Who bears the risk of unfair employer instructions?
Both the Federal Labor Court (hereinafter: BAG) and numerous state labor courts (hereinafter: LAG) have recently increasingly addressed the question of whether an employee has the right to refuse performance in the event of unfair employer instructions.
In its more recent case law, the BAG rejects such a right (BAG of February 22, 2012 - 5 AZR 249/11) and shifts the legal and economic risk of unfair employer instructions to the employee. Numerous lower courts have also agreed with this legal opinion and confirmed the case law of the BAG (e.g. LAG Cologne from January 13th, 2014 - 2 Sa 614/13, LAG Rhineland-Palatinate from March 17th, 2014 - 3 Sa 535/13). Now, in its current decision (judgment of March 17, 2016 - 17 Sa 1661/15), the LAG Hamm has expressly rejected the prevailing opinion in the case law and recognized the employee's right to refuse performance. We take this dispute in case law as an opportunity to present both the unilateral right to issue instructions and the legal consequences of unreasonable work instructions.
Right to give instructions
If the content of the work to be performed by the employee is not specified in the employment contract, the employer has the right to unilaterally determine the performance in accordance with Section 106 of the Trade Code (hereinafter: GewO). Accordingly, the employee is entitled to unilaterally determine the employee's obligation to perform based on type, time and place. Since in the vast majority of employment contracts the content of the employee's services is only outlined in terms of the framework and the employer has to determine the content of the service to be provided by the employee on a daily basis by issuing work instructions in order to specify the obligations from the employment contract, this legal requirement is of outstanding importance.
The employer's fundamentally very broad right to give instructions is restricted in Section 106 of the GewO to the extent that unilateral work instructions must necessarily correspond to “fair discretion”. The preservation of the equitable discretion also regulated in Section 315 of the German Civil Code (BGB) requires that the essential circumstances of the individual case have been weighed up and that the interests of both sides have been appropriately taken into account. This means that the employer is obliged to take the employee's interests as well as his own into account sufficiently.
Violation of reasonable discretion
However, it is not uncommon for employers to exceed the limits of the reasonable discretion described above when issuing work instructions. In such a case, the question arises for the employee as to whether he must comply with this unreasonable work instruction or whether he can refuse to perform the work without losing his right to remuneration.
According to the recent opinion of the Federal Labor Court, which has been followed by numerous lower courts (see above), the employee does not have such a right to refuse performance. Accordingly, even an unreasonable instruction from the employer has at least a temporary binding effect on the employee.
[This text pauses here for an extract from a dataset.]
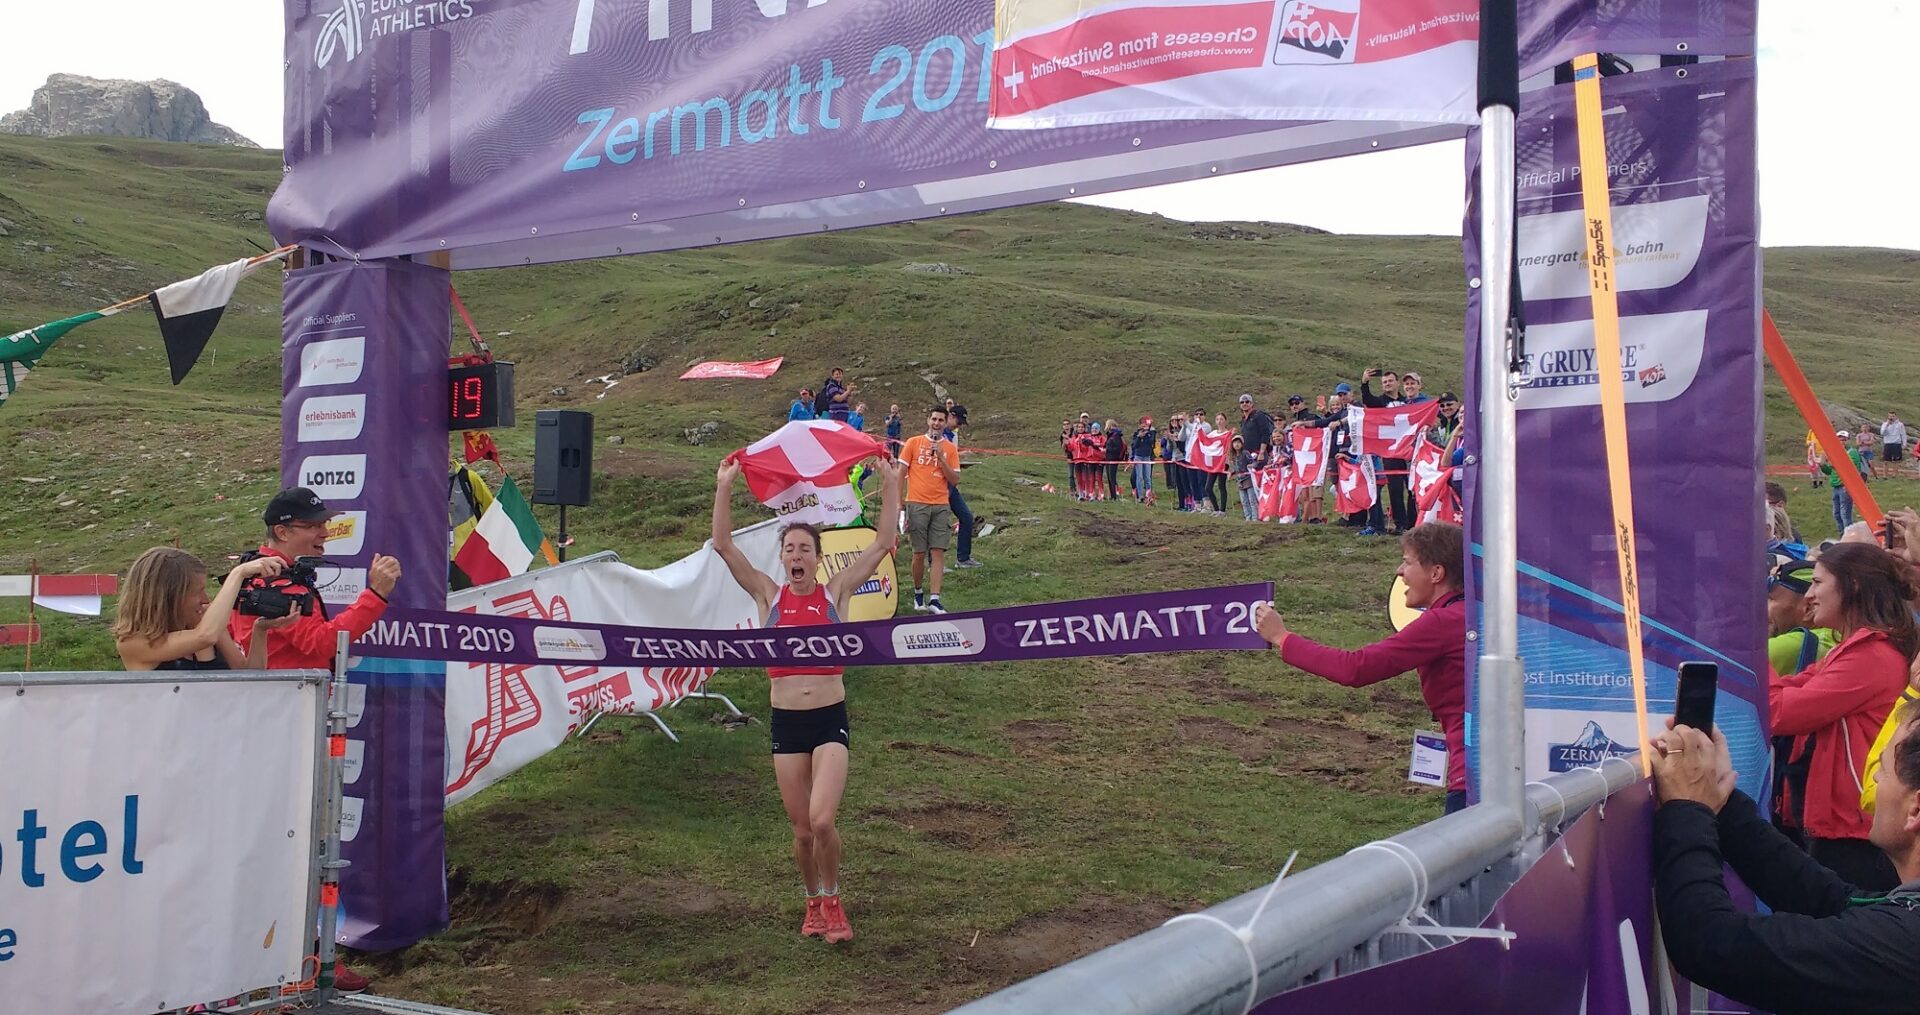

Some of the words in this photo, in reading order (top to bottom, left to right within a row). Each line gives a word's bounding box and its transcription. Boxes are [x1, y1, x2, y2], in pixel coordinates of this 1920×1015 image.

This binding effect can only be lifted with the help of a legally binding judgment - and therefore after a dispute that may last several years. This legal view is essentially based on the requirement in Section 315 Paragraph 3 Sentence 2 BGB, according to which unreasonable work instructions can or must be reviewed by labor courts. Furthermore – according to prevailing case law – the employment relationship is significantly influenced by the obligation to follow instructions. For this reason too, if the work instructions are “merely” unfair, an employee may not refuse to perform work without first going to court.
According to this prevailing view, the principle of “tolerate and liquidate” applies. This leads to the following result: The employee may not ignore an unreasonable instruction, but must take legal action against it. Only after a legally binding determination of the unfairness of the work instructions may work be refused. However, if the employee does not comply with the work instructions without a legally binding determination, the employer may in principle refuse to pay him remuneration even if the work instructions are subsequently determined to be unfair.
outlook
This BAG jurisprudence has become more established in recent years - despite numerous opposing voices in the literature. Now the LAG Hamm has expressly contradicted the BAG with its ruling of March 17, 2016. In its ruling, the court assumes that in the event of an unfair employer instruction, the employee can refuse to perform work and still not lose his right to remuneration (default in acceptance). This shifts the risk of unfair employer instructions from the employee to the employer.
An appeal was lodged with the BAG against the judgment of the LAG Hamm (file number: 10 AZR 330/16). This means that the judges at the Federal Labor Court must once again deal with the question of the lack of a right to refuse performance in the event of unfair work instructions - which has been much criticized in the literature at least. It remains questionable whether the highest German labor court will be convinced by the arguments from Hamm and give up its opinion after just four years.